_ACTION ITEM_
Verbatim copy, images removed: write out the entries below.

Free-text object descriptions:
------------------------------
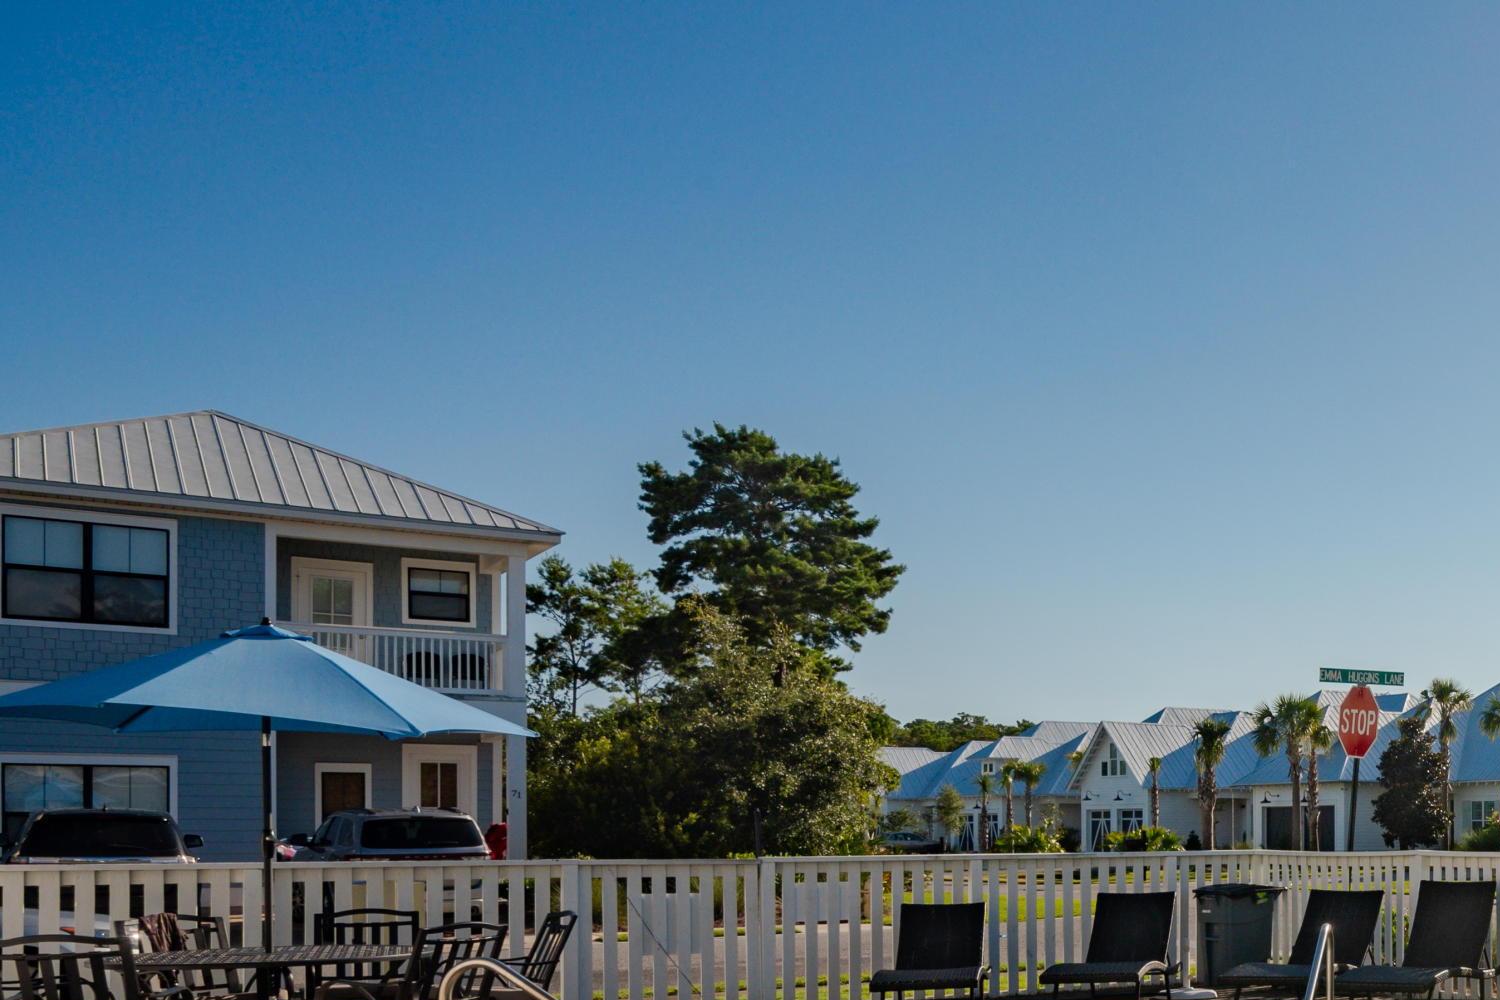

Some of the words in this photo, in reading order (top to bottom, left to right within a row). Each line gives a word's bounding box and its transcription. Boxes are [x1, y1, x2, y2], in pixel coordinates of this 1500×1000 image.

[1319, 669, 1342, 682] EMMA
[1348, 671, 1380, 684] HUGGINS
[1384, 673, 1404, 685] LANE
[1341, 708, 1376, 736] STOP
------------------------------
_TASK OUTPUT_
Some of the words in this photo, in reading order (top to bottom, left to right within a row). Each line gives a word's bounding box and its transcription. Boxes are [x1, y1, x2, y2], in pixel coordinates of this 1500×1000 image.

[1319, 669, 1342, 682] EMMA
[1348, 671, 1380, 684] HUGGINS
[1384, 673, 1404, 685] LANE
[1341, 708, 1376, 736] STOP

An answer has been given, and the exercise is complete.